言葉尻を捕まえて、唇を奪うような真似までしたのは僕なのに。
くやしくて、悔しくて。胸が痛い。
「なんで……」
「なんで?」
こんなに強引な真似をしても、ブレトと初めてのくちづけをブレトとできたことが、嬉しい。
嬉しいと思ってしまうのに。なんで、と問われたことが、悲しくて堪らない。
「騎士の祝福」
避けられないように。逃げられないように。
身体強化を重ね掛けして、僕よりずっと逞しいブレトの身体を抑えつける。強く掴んで引き寄せた。
再び触れる唇が、甘くしびれる。
「なんで、そんな」
「好きな人に、『好きだ』『愛してる』って、いわ、言われて、くちづけたいって、思ったら、悪いの?」
息継ぎをするように、言葉の切れ目に唇を押し付ける。
押し付けて、離れて。またひと言呟いて、押し付ける。何度も。
「んんっ」
ただまっすぐに唇を重ねるだけのくちづけは、ひどく熱かった。
頭の奥の芯までしびれるように、熱い。
爪先立ちしてる膝から、力が抜けそうになるのを、ぐっと堪える。
顔が、近かった。
もしかしたら、もう見納めになるのかもしれない。
こんなに自分勝手に、魔法まで使って何度も唇を奪ったりして。
顔を合せたくもないと言われる想像が頭をよぎる。
そんな未来がすぐそこにあるという事実から目を逸らすように、僕はブレトとのくちづけをひたすら繰り返した。
ブレトの唇へ自分のそれを重ねるだけ。
力が入り過ぎているのか、硬いとさえ感じる唇に自分の唇を重ね合わせては、離す。
熱いのは、自分の唇なのか、ブレトの唇なのか。
もっともっとと繰り返す心の赴くままに、唇を何度も重ね合わせる。
「同情だって、構わない」
言葉にすれば、僕の心はあまりにも情けなかった。
「愛の種類が、違ってたって、いい」
まるでダダを捏ねる子供だ。でも、それが僕だから。
「僕に、勘違いさせた、ブレトが悪いんだもん」
あぁやっぱり。いくら考えても、ブレトの言葉の意味が、わからない。
大人の狡さが、分からない。勘違いさせて、どうして僕が諦めるって思うんだろ。
こうして唇を何度も重ね合わせさせてくれる理由も。
わからない。
もう身体強化なんて必要ないくらい。ブレトの身体は強張りはしていても、僕を押し退けようとしていない。
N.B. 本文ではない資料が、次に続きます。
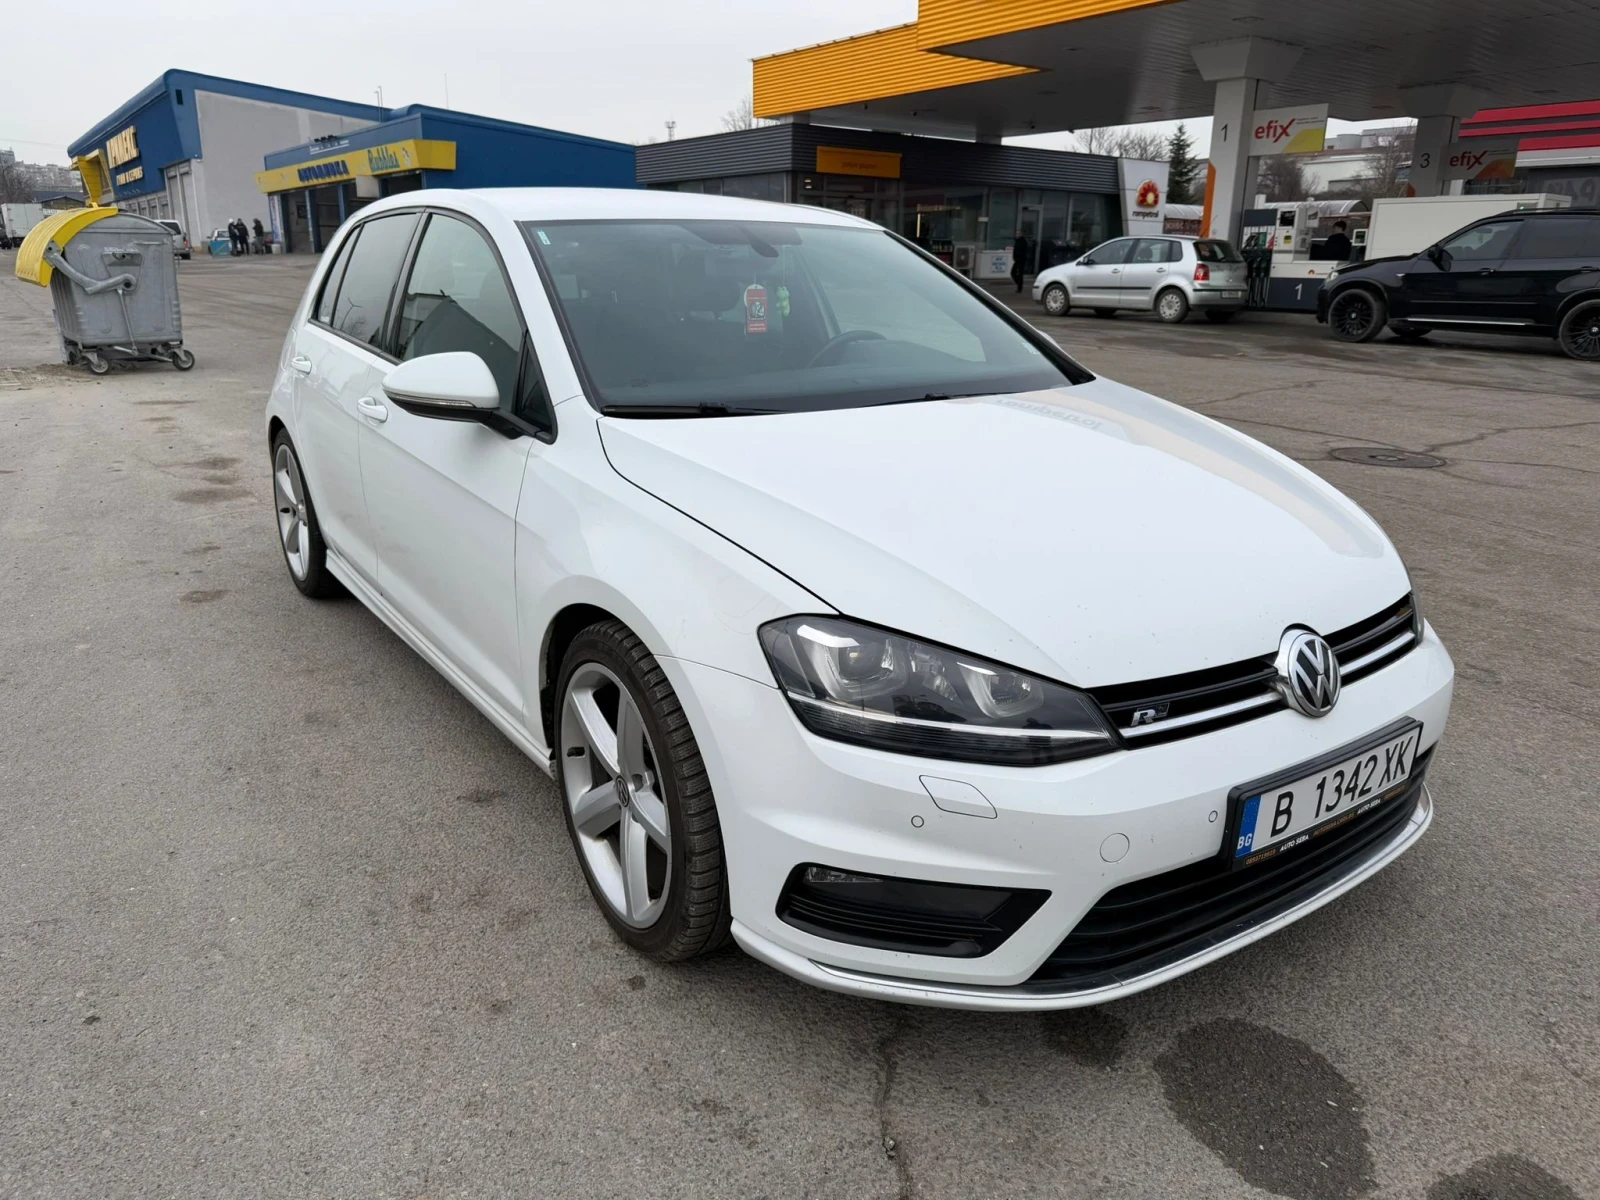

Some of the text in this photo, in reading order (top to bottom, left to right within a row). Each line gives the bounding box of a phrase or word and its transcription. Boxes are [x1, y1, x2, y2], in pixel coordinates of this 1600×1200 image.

[1221, 124, 1228, 142] 1
[1254, 118, 1296, 143] efix
[1420, 153, 1431, 169] 3
[1450, 150, 1488, 170] efix
[1132, 210, 1159, 219] rompetrol
[1295, 283, 1303, 300] 1
[1270, 735, 1413, 838] B 1342 XK
[1237, 832, 1253, 850] BG
[1279, 841, 1296, 852] AUTO
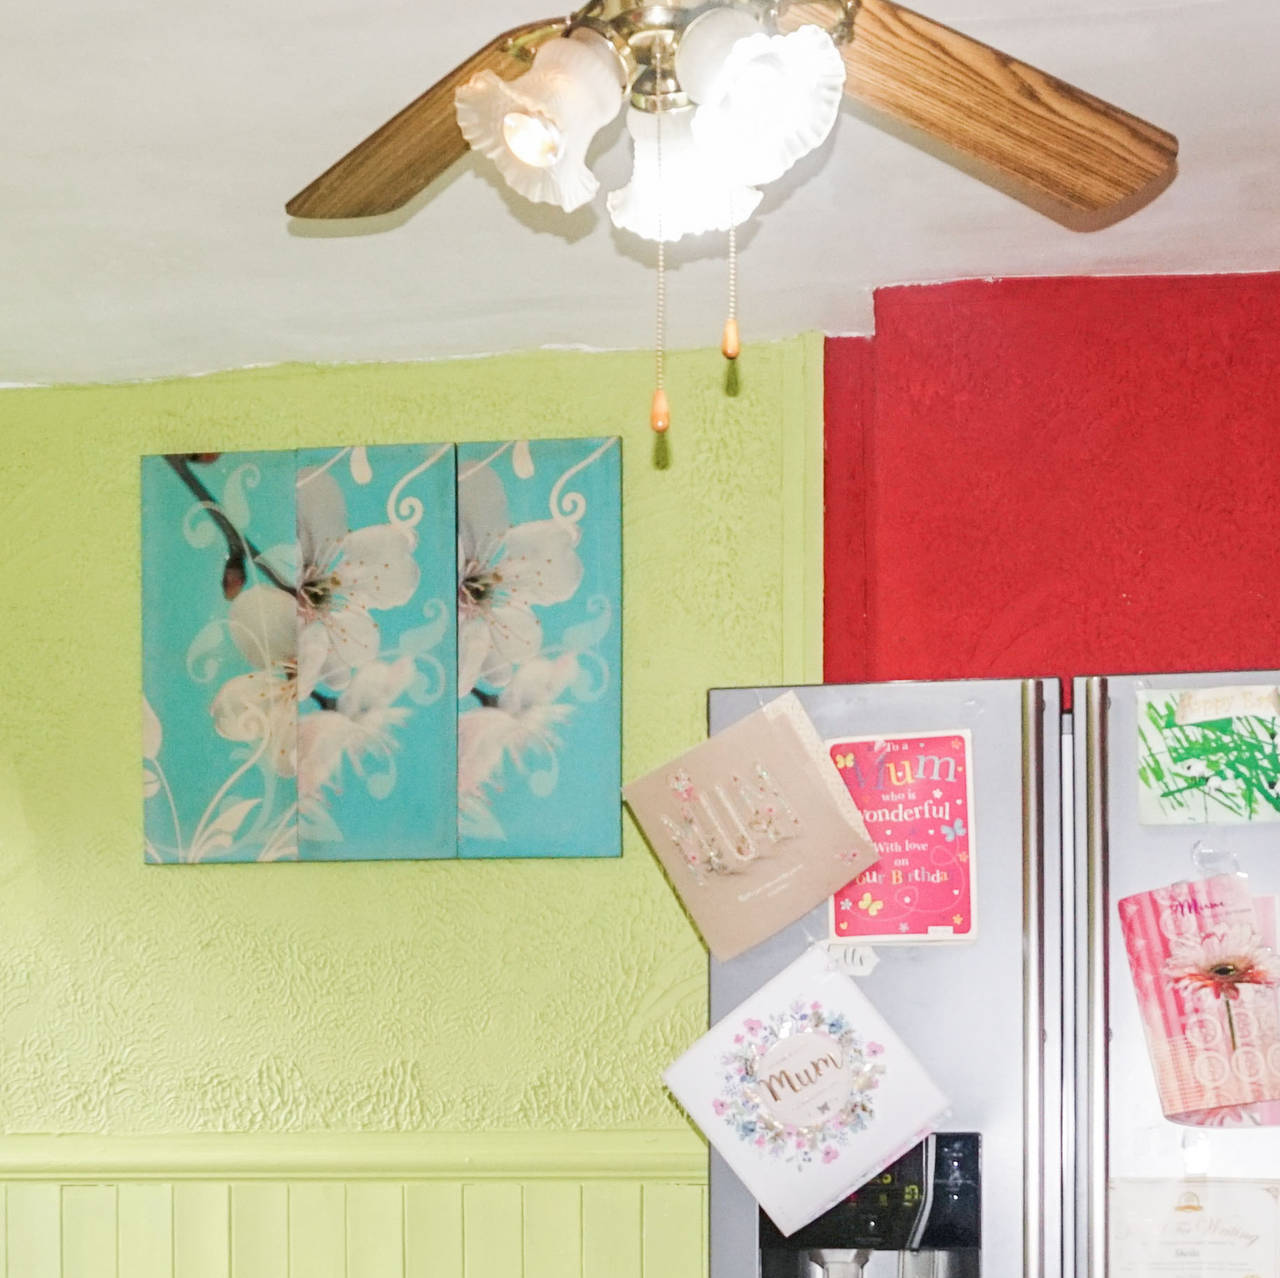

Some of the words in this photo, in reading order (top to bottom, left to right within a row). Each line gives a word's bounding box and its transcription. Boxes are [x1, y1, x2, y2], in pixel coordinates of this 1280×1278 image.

[853, 752, 957, 790] Mum
[881, 791, 905, 802] who
[907, 788, 917, 801] is
[863, 799, 950, 823] onderful
[874, 841, 902, 853] With
[905, 839, 928, 852] love
[893, 857, 910, 867] on
[758, 1050, 845, 1102] Mum
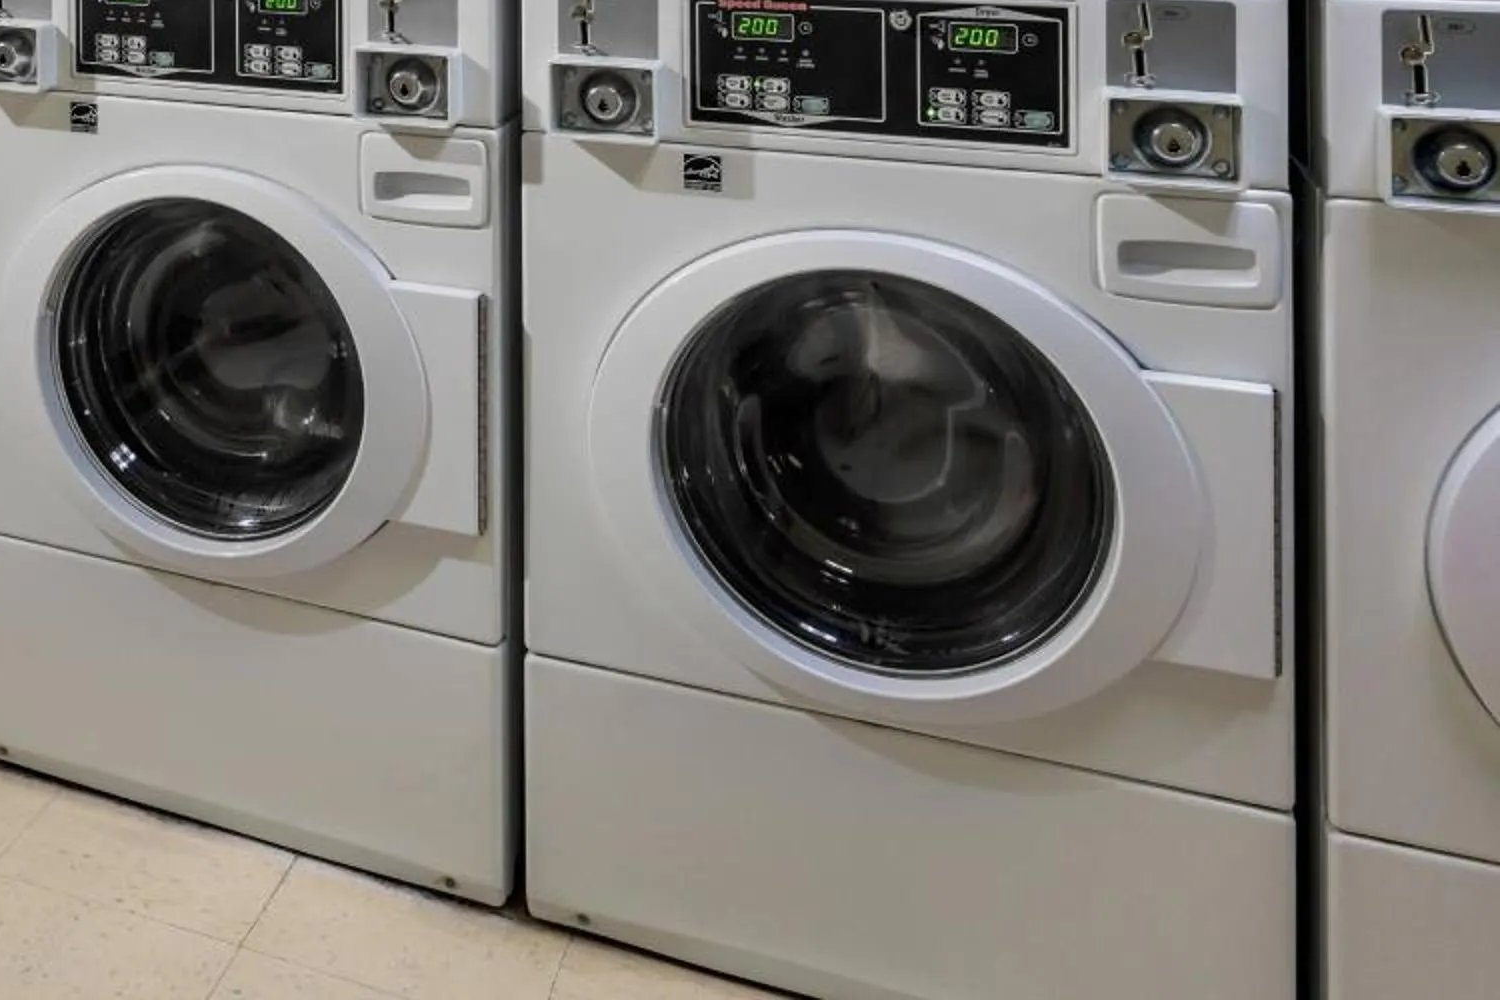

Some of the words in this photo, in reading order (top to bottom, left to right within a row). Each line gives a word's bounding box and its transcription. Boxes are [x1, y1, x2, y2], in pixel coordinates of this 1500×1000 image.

[763, 0, 808, 11] Queen
[738, 17, 779, 35] 200
[954, 27, 999, 47] 200
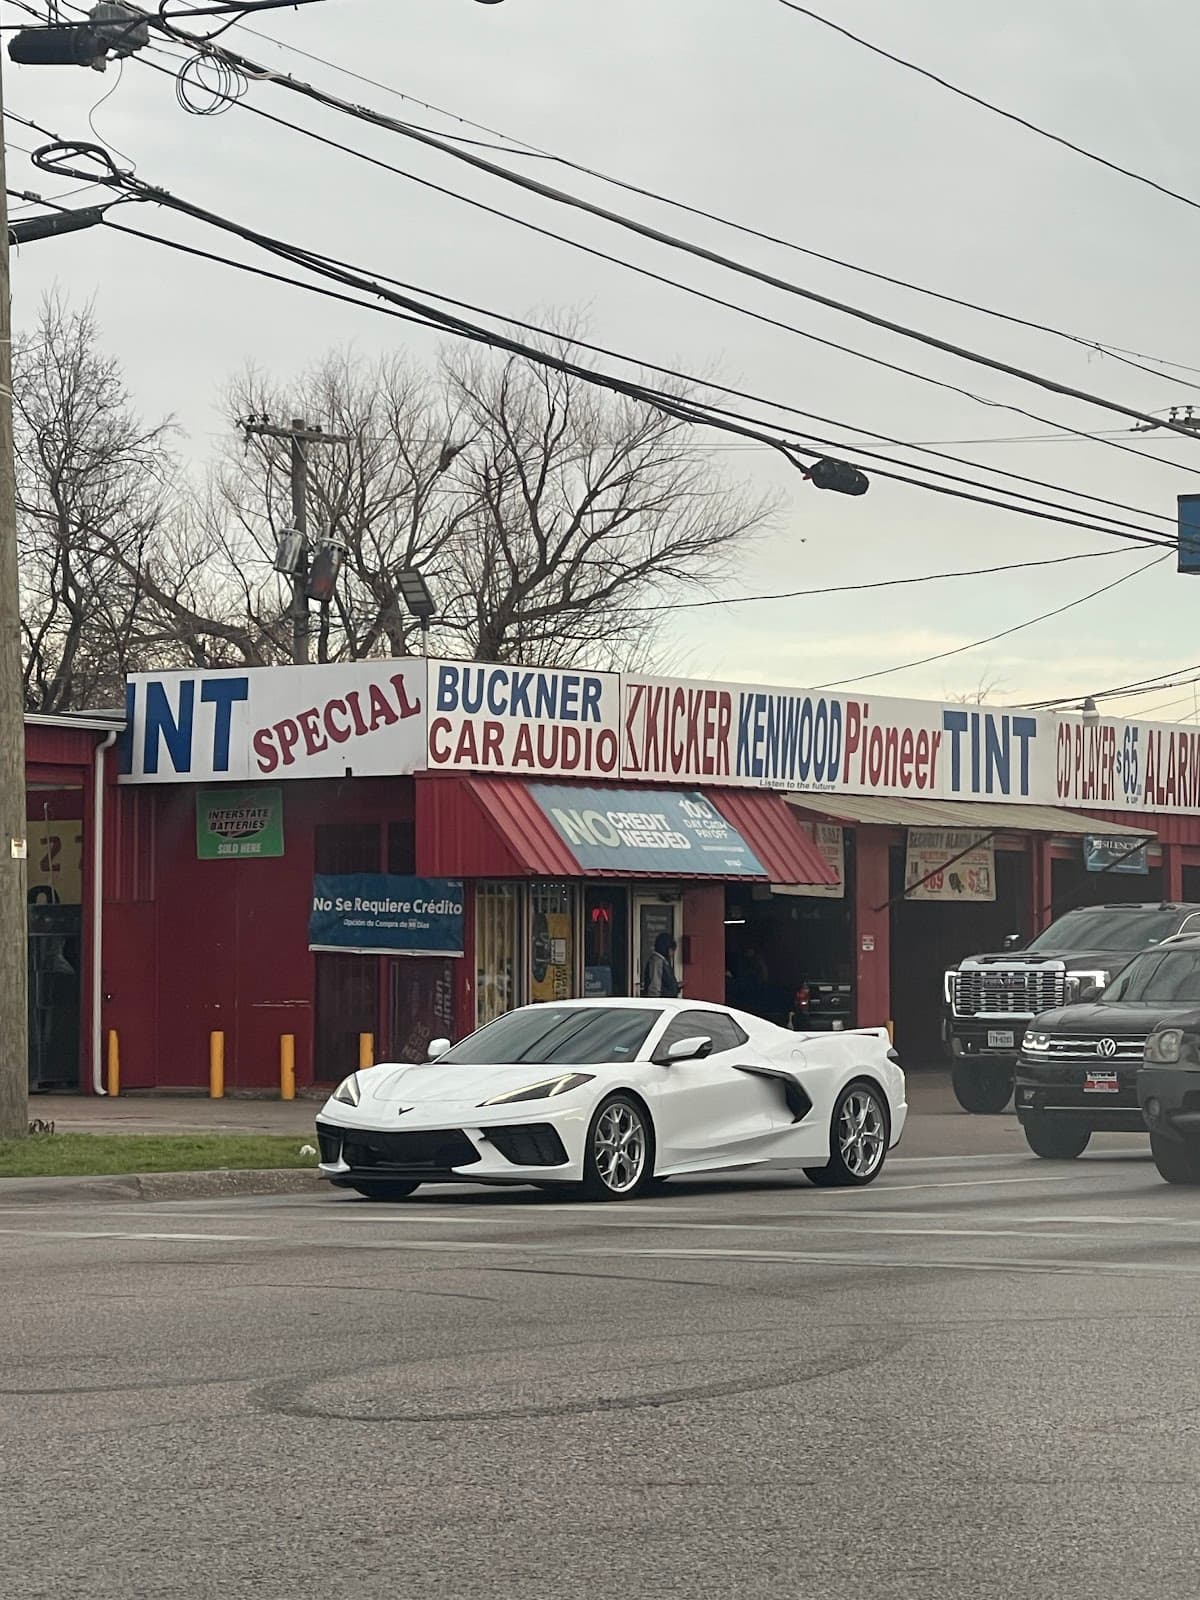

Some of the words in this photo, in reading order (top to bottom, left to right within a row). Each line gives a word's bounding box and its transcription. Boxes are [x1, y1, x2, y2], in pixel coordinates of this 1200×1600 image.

[437, 666, 602, 722] BUCKNER
[253, 674, 421, 774] SPECIAL
[429, 717, 504, 766] CAR
[511, 723, 618, 773] AUDIO
[645, 685, 731, 776] KICKER
[736, 692, 842, 782] KENWOOD
[843, 701, 941, 790] Pioneer
[944, 710, 1036, 796] TINT
[1057, 721, 1071, 798] CD
[1075, 724, 1115, 801] PLAYER
[760, 780, 784, 788] Listen
[209, 808, 268, 820] INTERSTATE
[210, 820, 265, 831] BATTERIES
[552, 808, 621, 847] NO
[606, 812, 672, 831] CREDIT
[217, 843, 238, 854] SOLD
[241, 843, 261, 853] HERE
[617, 830, 691, 849] NEEDED
[313, 897, 332, 912] No
[335, 898, 352, 911] Se
[354, 898, 410, 915] Requiere
[413, 899, 463, 914] Crédito
「ううん、僕はたとえそれが肉欲から始まったって構わない。ブレトが僕のものになるならいい。どんな始まり方をしたって、そこから絶対に、愛へと育ててみせるから」
だからだろうか。想いは言葉となって口から零れ落ちていく。
言い終わってすぐにまた、熱い思いをぶつけるように言葉を重ねた。
「あの……」
ブレトが何かしゃべろうとするのを、急いで塞ぐようにが唇を重ねた。
だってまだ、伝えたいことが残ってる。
「だから、ブレトの心、僕にちょうだい」
何度も、何度も。
離しては、想いを告げていく。
想いが溢れて、言葉になって、唇から零れ落ちていく。
「ブレトの全部が、ほしいんだ」
どうしても欲しいのだと、ダダを捏ね続けた。
「ディー、ド様」
ぐっと両頬を手で包まれて視線を合わせられた。
──あぁ、捕まってしまった。
夢のような時間も、もう終わりなんだ。
もう、唇を重ね合わせることも許されない距離を、実感する。
背伸びしていた踵を、ゆっくりと下ろした。
手首を掴み返して、強引にくちづけを続けることができなくもないと思うけど。
そこまでする気には、なれなかった。
終わりの時間なんだってことなんだろう。
涙で歪む視界の先。大好きなブレトをこんなにも近くで見ることももうできないかもしれないからね。ちゃんと視線を合わせて、口角を上げる。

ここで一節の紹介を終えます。